I am sure you mean well and are only sending out the kind of message currently being delivered in every corporation and institution in the English-speaking world. But I hope, given that we’re in a university environment, you’ll forgive me if I submit it to a little academic scrutiny.
You begin your letter to us with the words: ‘We’ve witnessed distressing events in recent weeks that have exposed the persistence of deep-rooted racism in our society.’
I’m not sure exactly what you mean by this. Are you suggesting that George Floyd’s death in Minnesota is direct evidence of ‘deep-rooted racism’ in Britain, up to and including the university and its practices?
This seems a rather tenuous link.

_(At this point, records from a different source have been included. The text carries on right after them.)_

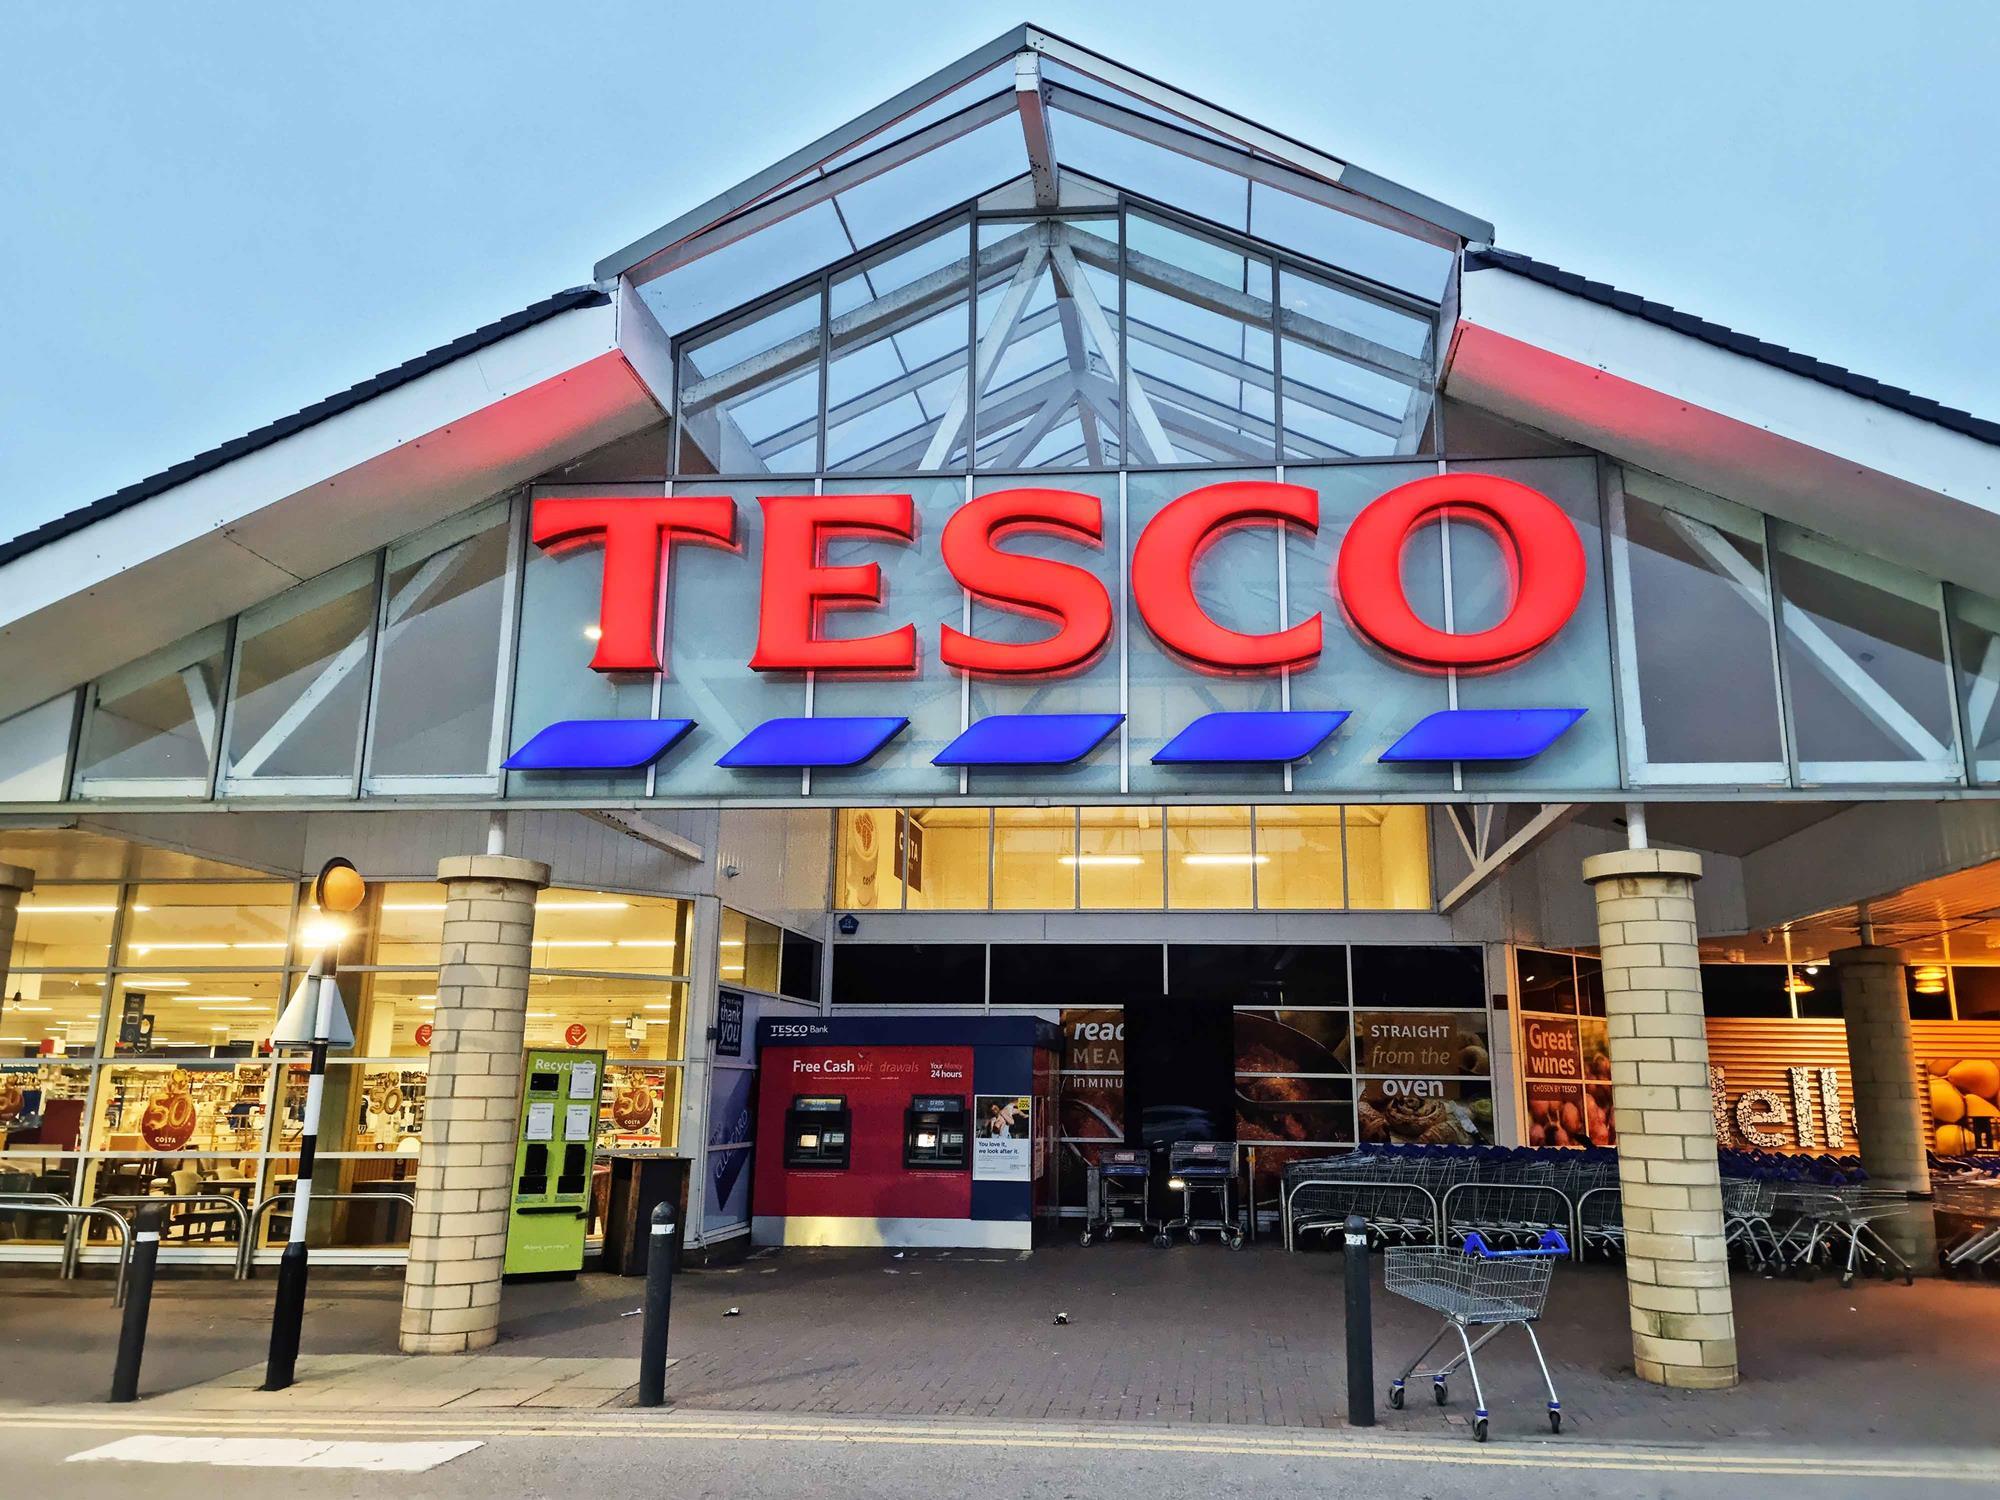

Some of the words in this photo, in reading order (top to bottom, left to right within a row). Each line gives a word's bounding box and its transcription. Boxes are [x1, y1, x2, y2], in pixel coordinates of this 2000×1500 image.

[531, 473, 1588, 675] TESCO
[720, 1003, 741, 1023] thank
[720, 1022, 740, 1045] you
[770, 1025, 808, 1034] TESCO
[809, 1024, 829, 1034] Bank
[1370, 1025, 1450, 1038] STRAIGHT
[1529, 1023, 1575, 1052] Great
[1372, 1044, 1415, 1068] from
[1421, 1046, 1451, 1065] the
[1531, 1050, 1576, 1076] wines
[535, 1058, 575, 1073] Recycl
[793, 1060, 821, 1073] Free
[823, 1060, 855, 1073] Cash
[930, 1062, 943, 1070] Your
[930, 1070, 941, 1078] 24
[941, 1070, 963, 1078] hours
[1073, 1075, 1086, 1088] in
[1382, 1079, 1444, 1097] oven
[1532, 1084, 1554, 1093] CHOSEN
[1561, 1085, 1578, 1093] TESCO
[145, 1093, 190, 1131] 50
[154, 1135, 176, 1144] COSTA

Perhaps you could, given several years and a research team, make a case that the two things are related, but at this stage I’m not sure the connection you draw would stand up to scrutiny in a GCSE essay. Indeed, one imagines an examiner whipping out the red pen and writing ‘sloppy thinking’ across it, and how much more bewildering the sloppiness is coming from you, a university professor. Presumably you’re able to make such an assertion because you know it won’t – in this climate – be challenged. Yet it is, one might argue, the false premise on which the remainder of your letter rests.
‘Higher Education in the UK,’ you say, ‘where the context remains overwhelmingly white, has a big role to play in making significant changes that make the educational experience a much richer one for all and a much fairer, just and relevant one for our Black students and colleagues.’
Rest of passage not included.